◆ Task brief:
The reply is to be an exact repetition of the entries that follow, with each picture left out.

Stored dataset items
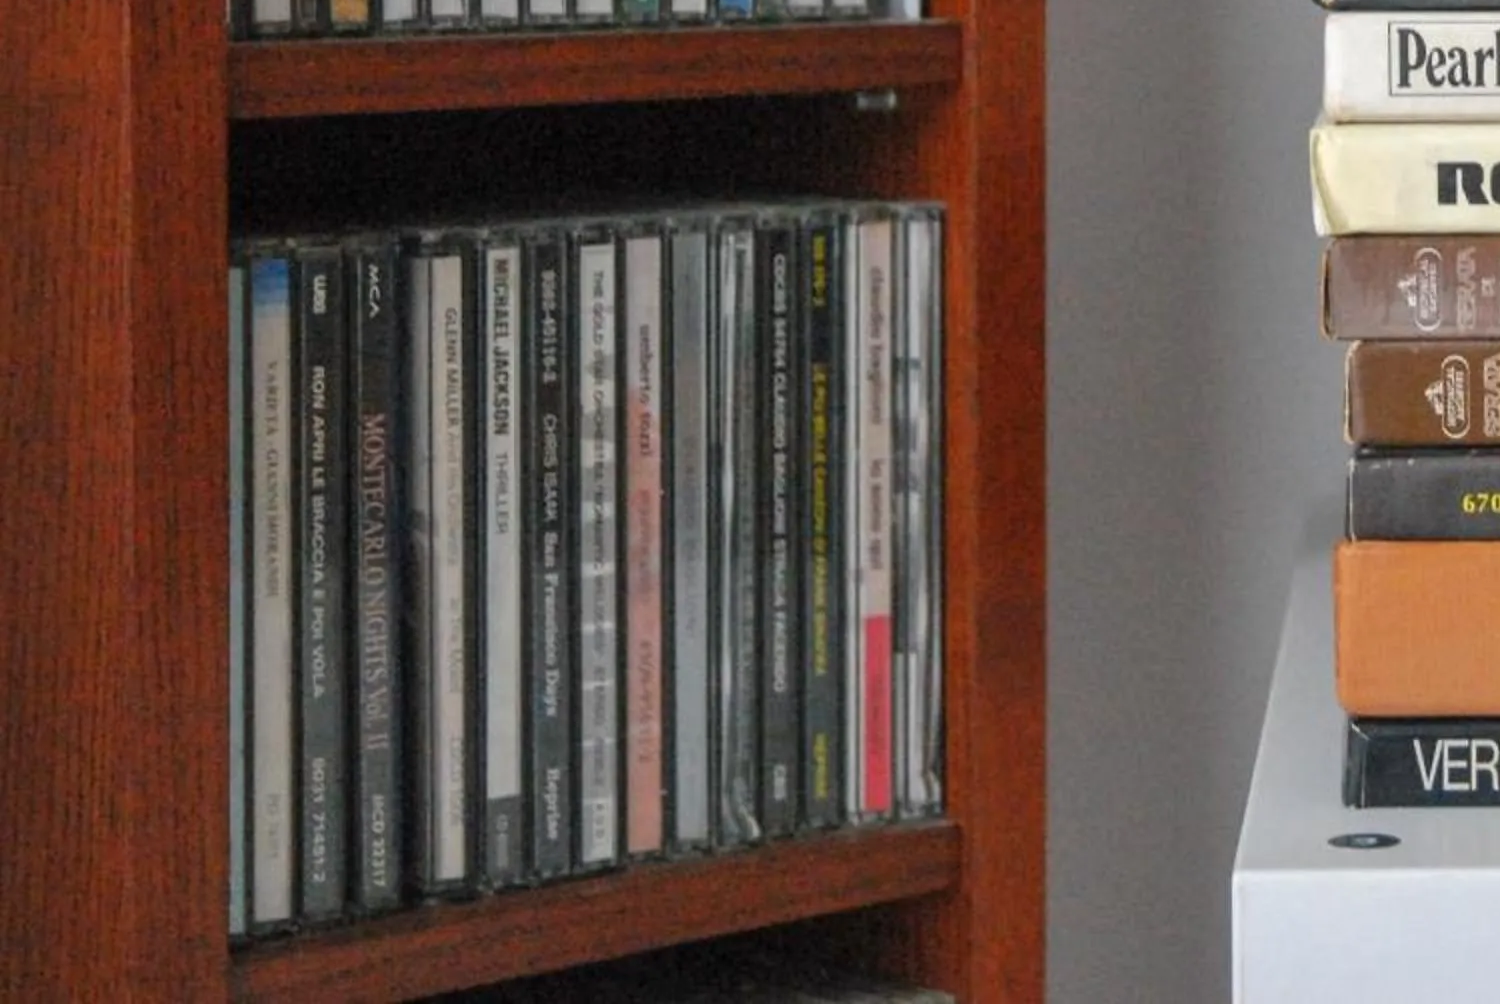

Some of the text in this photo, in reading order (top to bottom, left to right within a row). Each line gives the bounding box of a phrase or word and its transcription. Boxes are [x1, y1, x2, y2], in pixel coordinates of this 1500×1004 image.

[493, 257, 510, 534] MICHAEL JACKSON THRILLER
[364, 589, 387, 683] NIGHTS
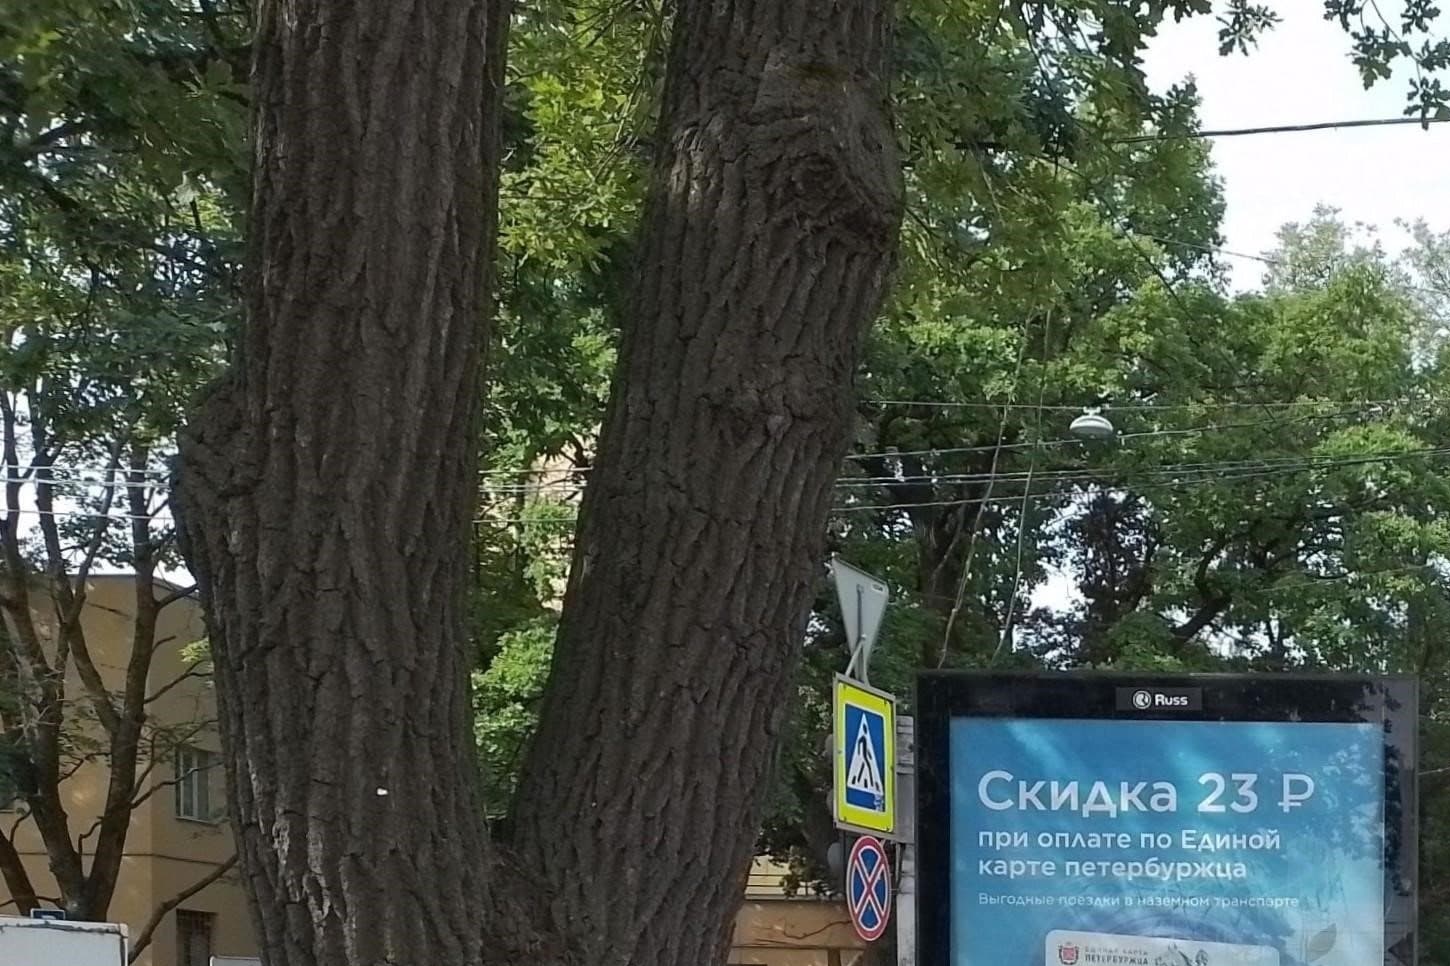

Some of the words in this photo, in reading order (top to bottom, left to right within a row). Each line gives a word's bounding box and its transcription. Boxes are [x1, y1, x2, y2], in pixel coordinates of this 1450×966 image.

[1154, 693, 1188, 706] Russ
[978, 770, 1177, 818] Скидка
[1197, 772, 1258, 813] 23
[978, 831, 1028, 850] при
[1037, 832, 1131, 849] оплате
[1140, 832, 1172, 849] по
[1181, 829, 1280, 851] Единой
[978, 859, 1056, 879] карте
[1065, 857, 1247, 881] петербуржца
[978, 892, 1054, 907] Выгодные
[1058, 894, 1120, 907] поездки
[1124, 896, 1133, 906] в
[1137, 896, 1209, 906] наземном
[1214, 896, 1299, 908] транспорте
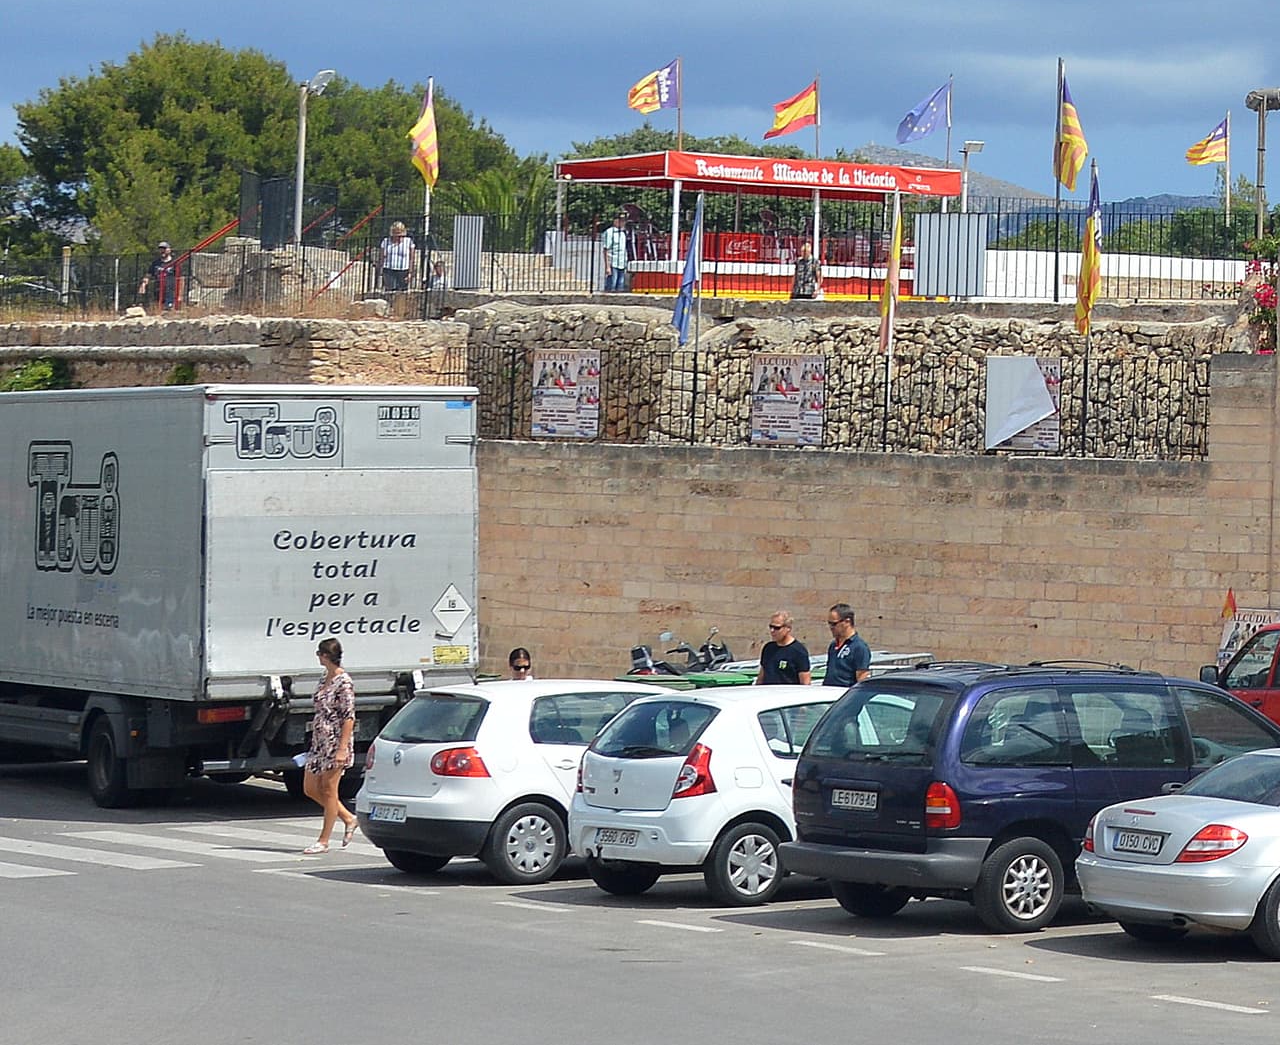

◆ Solution for this problem:
Some of the text in this photo, in reading order (top to bottom, left to right within a row). Each line gives the bounding box of a phrase or word and its transcription. Boxes are [x1, y1, x2, y2], in pixel coordinates of this 1500×1004 image.

[493, 257, 510, 534] MICHAEL JACKSON THRILLER
[364, 589, 387, 683] NIGHTS

Some of the words in this photo, in reading order (top to bottom, left to right within a row). Each line gives a word's bounding box and its transcription. Boxes are [x1, y1, x2, y2], in pixel coordinates of this 1450×966 image.

[1154, 693, 1188, 706] Russ
[978, 770, 1177, 818] Скидка
[1197, 772, 1258, 813] 23
[978, 831, 1028, 850] при
[1037, 832, 1131, 849] оплате
[1140, 832, 1172, 849] по
[1181, 829, 1280, 851] Единой
[978, 859, 1056, 879] карте
[1065, 857, 1247, 881] петербуржца
[978, 892, 1054, 907] Выгодные
[1058, 894, 1120, 907] поездки
[1124, 896, 1133, 906] в
[1137, 896, 1209, 906] наземном
[1214, 896, 1299, 908] транспорте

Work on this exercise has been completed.